Semana
Álvaro Sierra
24 de marzo de 2012
Abandonada desde siempre por el Estado, entre la guerra, la coca y el invierno, una de las regiones más duras y hermosas de Colombia empieza a vivir el capítulo más difícil de su turbulenta historia.
Visto desde arriba, El Tarra luce como tantos otros pueblos de Colombia:
un reguero de casas apaciblemente asentado frente al río, en un
estrecho valle ensombrecido por las nubes. En el tramo final de la
carretera que llega de Ocaña, las acrobacias de los viejos Renault que
hacen el trayecto y se deslizan con insólita destreza por el fangal de varios
kilómetros que desciende abruptamente hacia el poblado, concentran toda
la atención del viajero que llega a un lugar reputado como uno de los
sitios más peligrosos del país. Justo antes de las primeras casas, el
conductor entrega 5.000 pesos a una joven que levanta la guadua que
cierra el paso. Doscientos metros más adelante, una base militar
flanqueada por garitas con sacos de arena pintados de verde y centinelas
en arreos de combate domina el casco urbano. El centro y el parque,
llenos de gente y de motos, se vacían no bien cae la tarde, como todo el
pueblo. La gente se acuesta temprano –unos en sus casas y, por estos
días, otros, fuera de ellas, en albergues improvisados– rogando que
amanezca pronto y, al menos esa noche, no pase nada en El Tarra, un
polvorín que, como todo el Catatumbo, encierra las claves del futuro de
la guerra y la paz en Colombia.
“Dos pelaos de civil, con pistolas, me pararon, me obligaron a atravesar el bus y a salir corriendo”, cuenta al día siguiente Jairo, chofer de uno de los buses que todavía se arriesgan por estas carreteras. Desde la madrugada, su vehículo, pintado con letreros en aerosol negro que dicen “carro bomba” y “Farc.EP”, bloquea la pantanosa vía de bajada hacia El Tarra, a unos dos kilómetros del pueblo.
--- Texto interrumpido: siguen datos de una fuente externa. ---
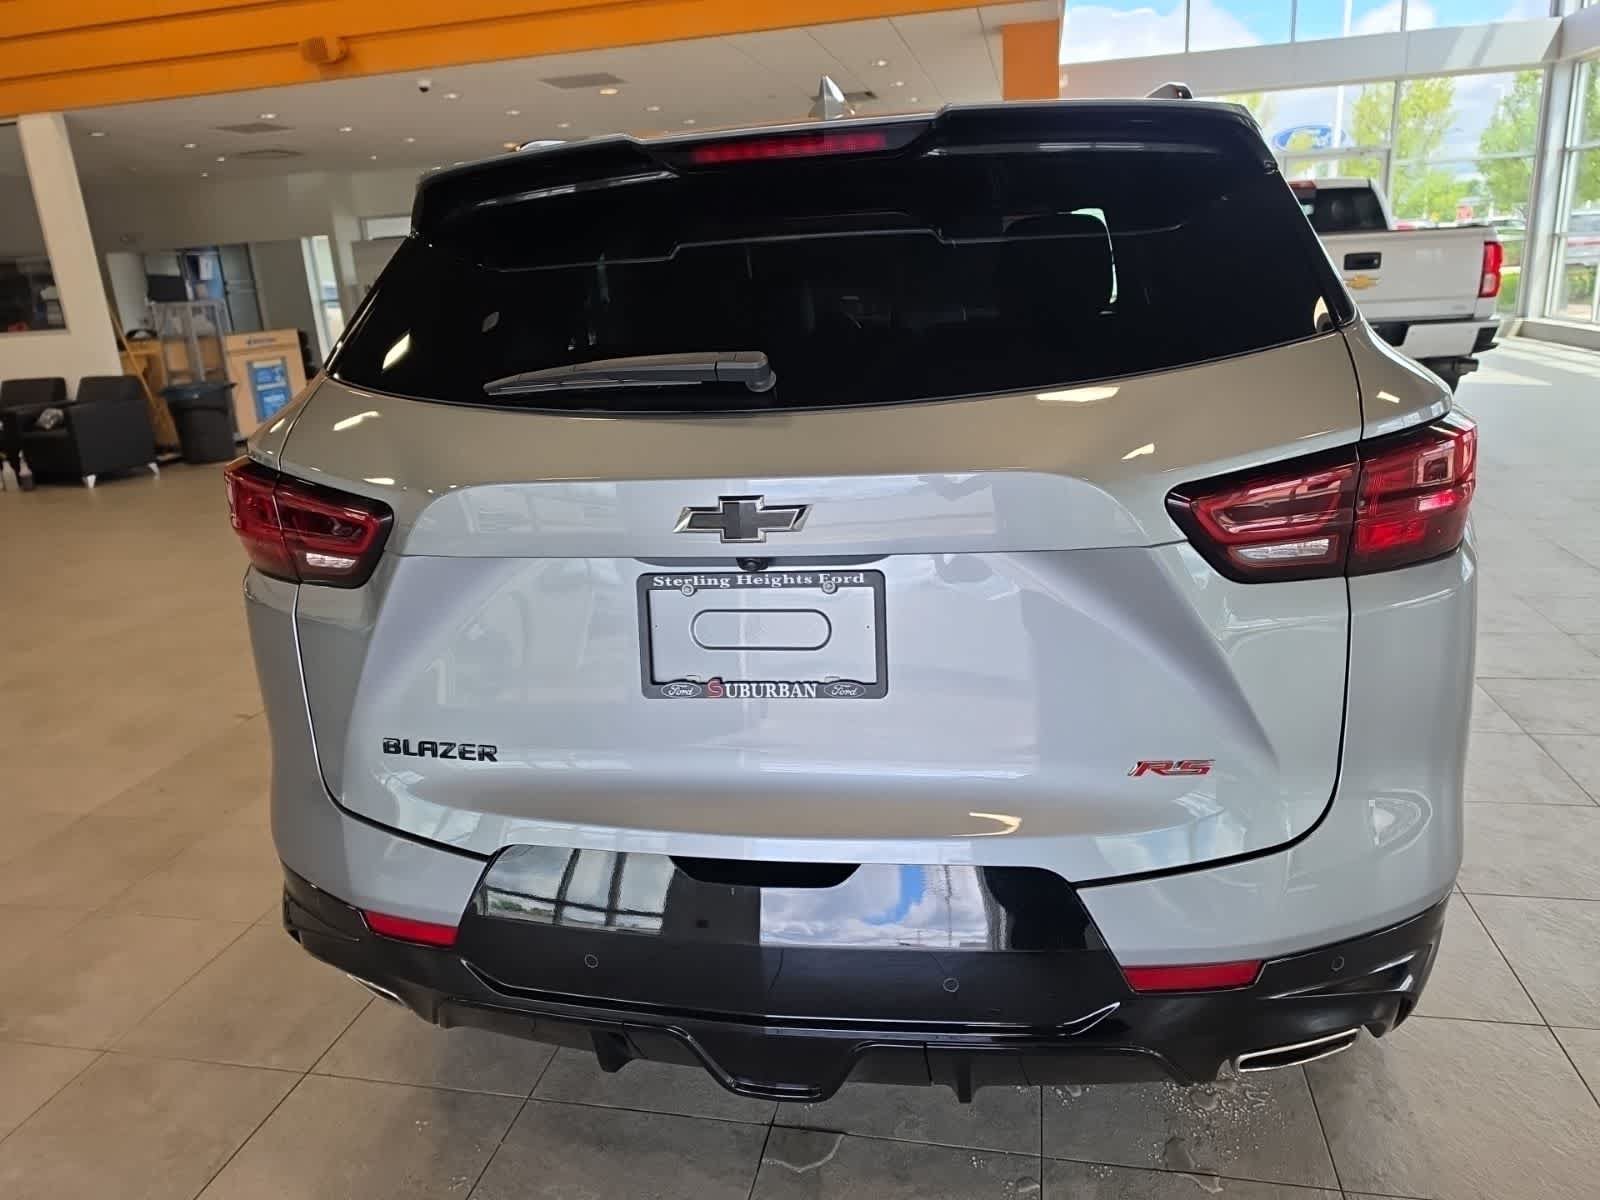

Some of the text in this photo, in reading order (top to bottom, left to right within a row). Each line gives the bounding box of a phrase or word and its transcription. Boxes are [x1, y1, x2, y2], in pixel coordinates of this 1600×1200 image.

Tomará cerca de una semana que peritos en explosivos lleguen de Cúcuta o Bogotá a verificar si se trata de un falso carro bomba o uno de verdad. En el día, los viajeros se limitan a desmontar del vehículo en el que llegan, pasan junto al bus y caminan hasta el pueblo, cargando hijos y corotos. Pronto los mototaxis acuden a prestar servicio a los viajeros. “Los prudentes apagan el celular para pasar al lado del bus; los demás, pasamos y listo”, cuenta uno. “Es la segunda vez que me pasa”, concluye Jairo, resignado.
Viajar al Catatumbo es ir a otra Colombia. Escenas como la de este bus que paraliza una carretera una semana, cilindros que la guerrilla lanza contra instalaciones militares y acaban aterrizando en casas vecinas y bombas que matan por igual uniformados y civiles son las noticias que los medios nacionales publican con macabra regularidad desde comienzos del año sobre El Tarra y los demás pueblos de la región. Para el resto de Colombia, el Catatumbo es el país de la guerra. Y lo es, también, para el gobierno, que está enviando miles de soldados de la recién creada Fuerza de Tarea Conjunta Vulcano para combatir a las Farc y el Eln en uno de sus santuarios y a grupos de fuerzas especiales para buscar, entre otros, a Timochenko e Iván Márquez, los dos jefes de esa guerrilla que se cree se mueven entre esa región y Venezuela, y a Megateo, que lidera una facción narcotizada del antiguo EPL.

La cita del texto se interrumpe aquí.